**TASK TO COMPLETE:** An exact copy of the entries below is the expected answer.
══ PROVIDED ENTRIES ══
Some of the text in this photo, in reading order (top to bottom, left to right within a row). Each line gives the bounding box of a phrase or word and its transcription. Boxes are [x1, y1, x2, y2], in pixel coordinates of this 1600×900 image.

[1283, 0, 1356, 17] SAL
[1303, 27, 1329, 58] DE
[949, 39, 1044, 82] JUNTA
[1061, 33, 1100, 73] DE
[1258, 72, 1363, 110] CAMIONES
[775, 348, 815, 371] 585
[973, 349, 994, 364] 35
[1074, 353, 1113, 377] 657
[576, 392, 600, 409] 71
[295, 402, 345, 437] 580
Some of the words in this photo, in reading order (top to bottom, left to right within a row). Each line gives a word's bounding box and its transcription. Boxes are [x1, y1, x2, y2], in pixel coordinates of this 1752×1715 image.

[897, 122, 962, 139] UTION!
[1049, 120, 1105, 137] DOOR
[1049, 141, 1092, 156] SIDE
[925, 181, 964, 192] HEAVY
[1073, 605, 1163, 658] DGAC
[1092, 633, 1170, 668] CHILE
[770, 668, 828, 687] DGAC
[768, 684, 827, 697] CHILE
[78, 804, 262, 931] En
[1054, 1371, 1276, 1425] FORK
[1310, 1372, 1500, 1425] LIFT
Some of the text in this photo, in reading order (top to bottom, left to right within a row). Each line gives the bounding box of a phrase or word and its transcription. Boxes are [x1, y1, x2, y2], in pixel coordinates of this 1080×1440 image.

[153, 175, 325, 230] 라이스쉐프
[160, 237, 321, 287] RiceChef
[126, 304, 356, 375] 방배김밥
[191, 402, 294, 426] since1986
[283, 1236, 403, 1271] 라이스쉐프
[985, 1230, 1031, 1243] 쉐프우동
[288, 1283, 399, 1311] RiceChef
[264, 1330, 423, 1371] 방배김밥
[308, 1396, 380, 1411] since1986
═══
**TASK SOLUTION:**
Some of the text in this photo, in reading order (top to bottom, left to right within a row). Each line gives the bounding box of a phrase or word and its transcription. Boxes are [x1, y1, x2, y2], in pixel coordinates of this 1600×900 image.

[1283, 0, 1356, 17] SAL
[1303, 27, 1329, 58] DE
[949, 39, 1044, 82] JUNTA
[1061, 33, 1100, 73] DE
[1258, 72, 1363, 110] CAMIONES
[775, 348, 815, 371] 585
[973, 349, 994, 364] 35
[1074, 353, 1113, 377] 657
[576, 392, 600, 409] 71
[295, 402, 345, 437] 580
Some of the words in this photo, in reading order (top to bottom, left to right within a row). Each line gives a word's bounding box and its transcription. Boxes are [x1, y1, x2, y2], in pixel coordinates of this 1752×1715 image.

[897, 122, 962, 139] UTION!
[1049, 120, 1105, 137] DOOR
[1049, 141, 1092, 156] SIDE
[925, 181, 964, 192] HEAVY
[1073, 605, 1163, 658] DGAC
[1092, 633, 1170, 668] CHILE
[770, 668, 828, 687] DGAC
[768, 684, 827, 697] CHILE
[78, 804, 262, 931] En
[1054, 1371, 1276, 1425] FORK
[1310, 1372, 1500, 1425] LIFT
Some of the text in this photo, in reading order (top to bottom, left to right within a row). Each line gives the bounding box of a phrase or word and its transcription. Boxes are [x1, y1, x2, y2], in pixel coordinates of this 1080×1440 image.

[153, 175, 325, 230] 라이스쉐프
[160, 237, 321, 287] RiceChef
[126, 304, 356, 375] 방배김밥
[191, 402, 294, 426] since1986
[283, 1236, 403, 1271] 라이스쉐프
[985, 1230, 1031, 1243] 쉐프우동
[288, 1283, 399, 1311] RiceChef
[264, 1330, 423, 1371] 방배김밥
[308, 1396, 380, 1411] since1986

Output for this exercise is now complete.